= Birgit Jerschabek =

German long-distance runner

Birgit Jerschabek-Keipke (born 17 May 1969) is a retired (East) German long-distance runner.

She was born in Ludwigslust. As a junior, she won the 10,000 metres at the 1987 European Junior Championships and finished sixth at the 1988 World Junior Championships. She finished sixteenth in 10,000 metres at the 1990 European Championships 65th at the 1990 World Cross Country Championships, fifteenth in the 1992 Olympic marathon and eighth at the 1992 World Half Marathon Championships.
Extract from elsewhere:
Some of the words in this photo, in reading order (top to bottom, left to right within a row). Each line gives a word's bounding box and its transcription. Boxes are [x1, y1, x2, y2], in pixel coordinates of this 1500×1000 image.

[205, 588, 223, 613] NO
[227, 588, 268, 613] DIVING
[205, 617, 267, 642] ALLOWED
She later competed in three consecutive World Championship marathons without finishing any of them: the 1993, 1995 and 1997 World Championships. Also, she only managed a 48th place at the 1998 World Half Marathon Championships.
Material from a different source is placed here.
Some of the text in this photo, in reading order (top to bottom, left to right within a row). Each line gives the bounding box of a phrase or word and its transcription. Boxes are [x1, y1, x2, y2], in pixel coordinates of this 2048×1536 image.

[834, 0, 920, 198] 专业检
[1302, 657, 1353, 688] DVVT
In the East German championships she won bronze medals in 1987, 1988 and 1989 (10,000 metres) and silver medals in 1989 (3000) and 1990 (3000, 10,000 and cross-country running). The winner in all events was Kathrin Ullrich. In 1990 she also won a bronze medal (1500 metres) and a silver medal (3000) at the East German indoor championships. She represented the club SC Traktor Schwerin. She later became German half marathon champion in 1991, 1993 and 1997 and marathon champion in 1997. She represented LG Sieg and ABC Ludwigshafen during this part of her career.

Her personal best times were 32:14.75 minutes in the 10,000 metres, achieved in June 1990 in Helsinki; 1:10:53 hours in the half marathon, achieved at the 1992 World Half Marathon Championships; and 2:28:02 hours in the marathon, achieved at the 1995 Lisbon Marathon.